Date strings are automatically parsed into timezone-aware `datetime.datetime` objects, enums into `Literal` aliases, and nested objects into their own typed models, so you can compose attribute access without manual conversion.

## Providing structured input[](#providing-structured-input)

A Pydantic model returned from one client call can be passed directly into any other method that accepts the same shape — useful for round-trip flows where you read a resource, tweak it, and write it back.

For input you construct yourself, plain dictionaries work on every input method. Each input shape has a matching [`TypedDict`](https://docs.python.org/3/library/typing.html#typing.TypedDict) that documents the expected keys.

* Async client
* Sync client

```
from apify_client import ApifyClientAsync



TOKEN = 'MY-APIFY-TOKEN'





async def main() -> None:

    apify_client = ApifyClientAsync(TOKEN)

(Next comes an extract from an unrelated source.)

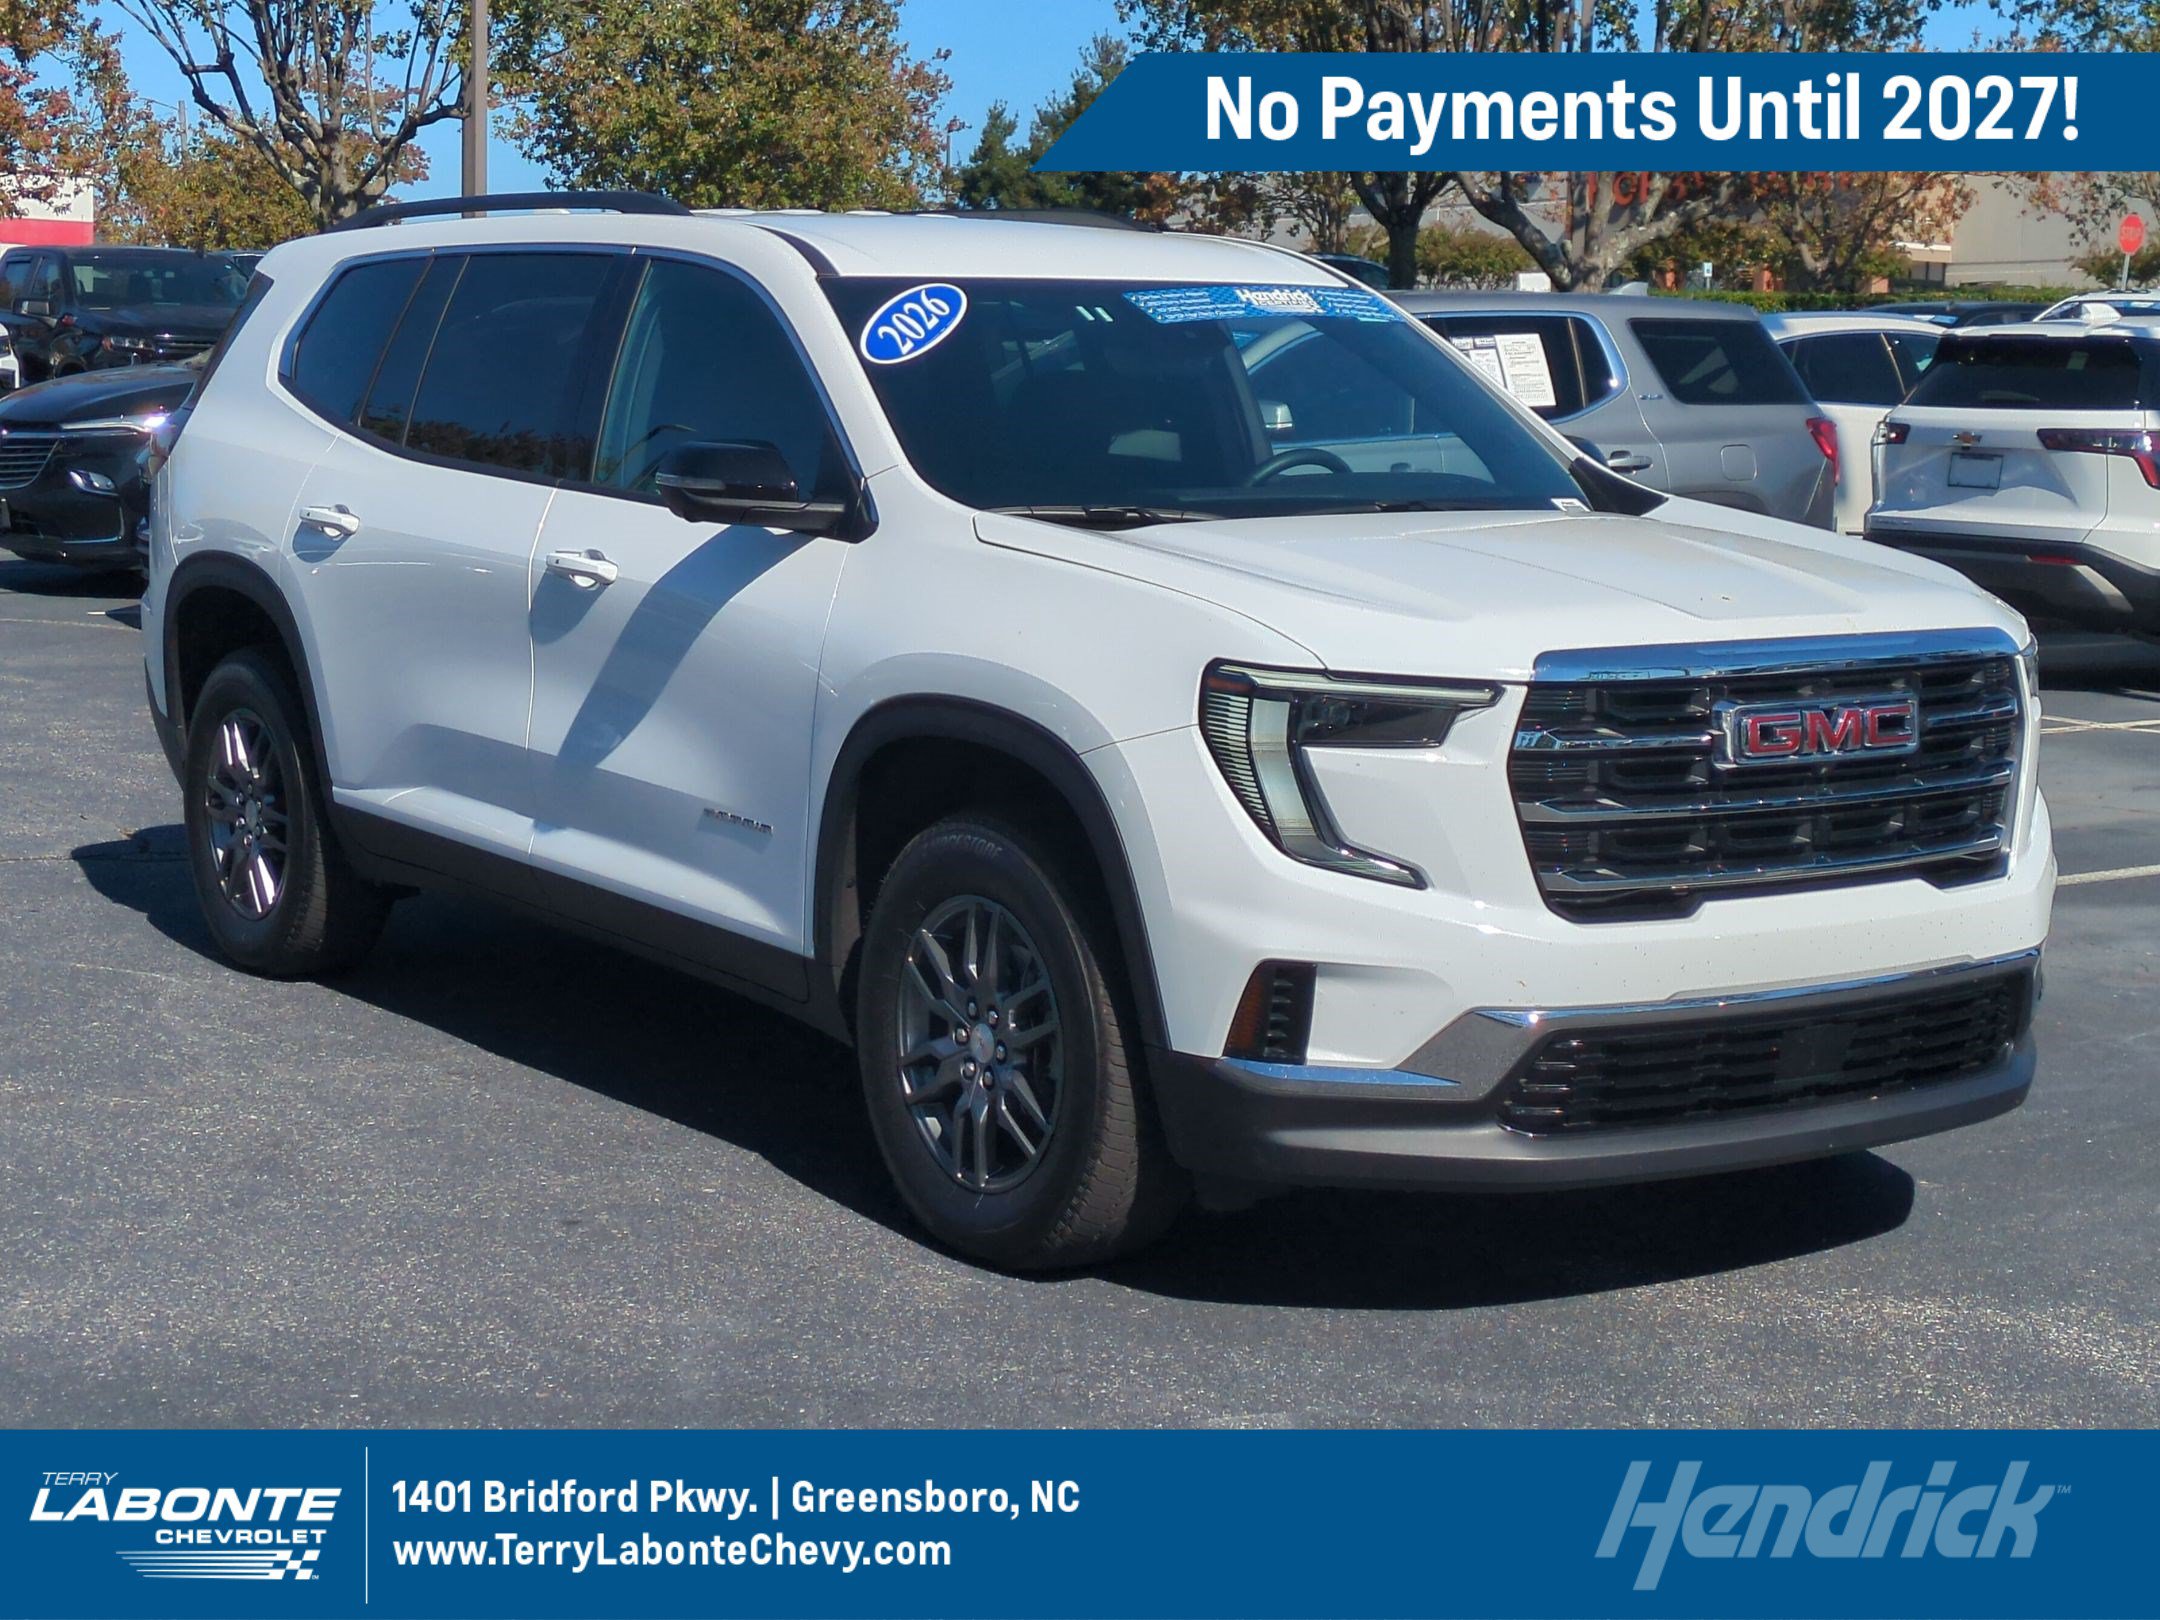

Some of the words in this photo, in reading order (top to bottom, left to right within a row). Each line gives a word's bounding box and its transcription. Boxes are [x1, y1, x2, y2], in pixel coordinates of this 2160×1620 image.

[877, 288, 950, 355] 2026
[1235, 289, 1315, 306] Hendrick
[1746, 703, 1913, 757] GMC

    rq_client = apify_client.request_queue('REQUEST-QUEUE-ID')



    # Plain dict — keys may be snake_case or camelCase.

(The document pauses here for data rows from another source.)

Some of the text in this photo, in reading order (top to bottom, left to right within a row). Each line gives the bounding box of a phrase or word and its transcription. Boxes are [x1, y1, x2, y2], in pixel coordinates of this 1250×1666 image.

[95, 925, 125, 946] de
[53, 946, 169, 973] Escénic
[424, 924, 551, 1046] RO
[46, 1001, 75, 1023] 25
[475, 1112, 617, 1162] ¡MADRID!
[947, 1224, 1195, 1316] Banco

    await rq_client.add_request(

        {

            'url': 'https://example.com',

            'unique_key': 'https://example.com',

            'method': 'GET',

        }

    )
```

```
from apify_client import ApifyClient



TOKEN = 'MY-APIFY-TOKEN'





def main() -> None:

    apify_client = ApifyClient(TOKEN)

    rq_client = apify_client.request_queue('REQUEST-QUEUE-ID')

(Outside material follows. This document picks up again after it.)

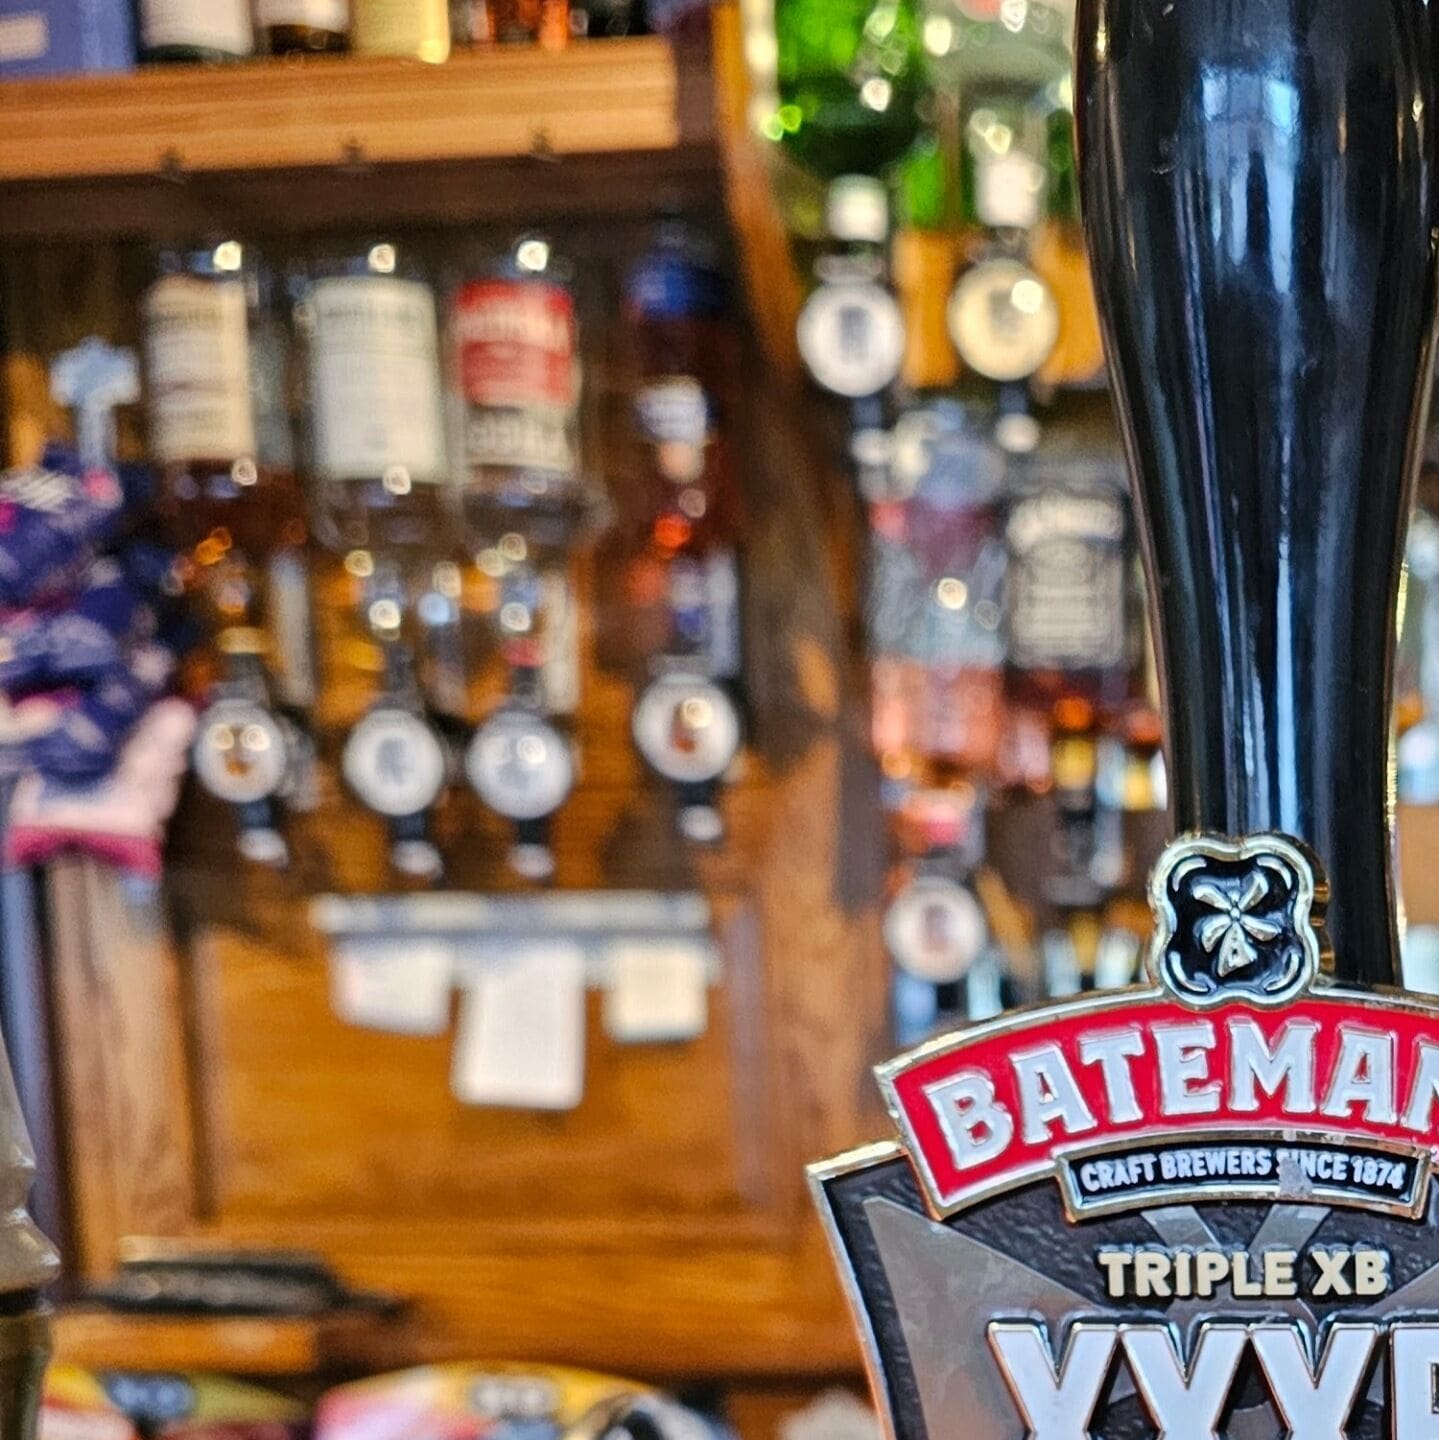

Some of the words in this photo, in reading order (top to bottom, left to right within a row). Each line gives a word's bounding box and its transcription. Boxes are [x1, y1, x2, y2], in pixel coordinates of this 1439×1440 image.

    # Plain dict — keys may be snake_case or camelCase.

    rq_client.add_request(

        {

            'url': 'https://example.com',

            'unique_key': 'https://example.com',

            'method': 'GET',

        }

    )
```

## Forward compatibility[](#forward-compatibility)

Generated models are configured with `extra='allow'`. Any new fields the API starts returning in the future are preserved on the model instance — they simply do not yet have a typed attribute. Upgrading the client to pick up a newer OpenAPI spec is a non-breaking change for code that reads existing fields.

## Browsing all models[](#browsing-all-models)

The full list of generated models and TypedDicts is available in the [API reference](https://docs.apify.com/api/client/python/api/client/python/reference.md) under the **Models** and **Typed dicts** groups.

## Methods that return plain types[](#methods-that-return-plain-types)

A few endpoints intentionally return plain Python types instead of Pydantic models because their payloads are user-defined or inherently unstructured:

* [`DatasetClient.list_items()`](https://docs.apify.com/api/client/python/api/client/python/reference/class/DatasetClient.md#list_items) returns a [`DatasetItemsPage`](https://docs.apify.com/api/client/python/api/client/python/reference/class/DatasetItemsPage.md) whose `items` field is `list[dict[str, Any]]`. Dataset items follow the [Actor output schema](https://docs.apify.com/platform/actors/development/actor-definition/output-schema), which the client cannot know in advance.
* [`KeyValueStoreClient.get_record()`](https://docs.apify.com/api/client/python/api/client/python/reference/class/KeyValueStoreClient.md#get_record) returns a `dict` with `key`, `value`, and `content_type` keys. The shape of `value` is determined by the record's content type.

For background on the migration from plain dicts to typed models, see [Upgrading to v3](https://docs.apify.com/api/client/python/api/client/python/docs/upgrading/upgrading-to-v3.md).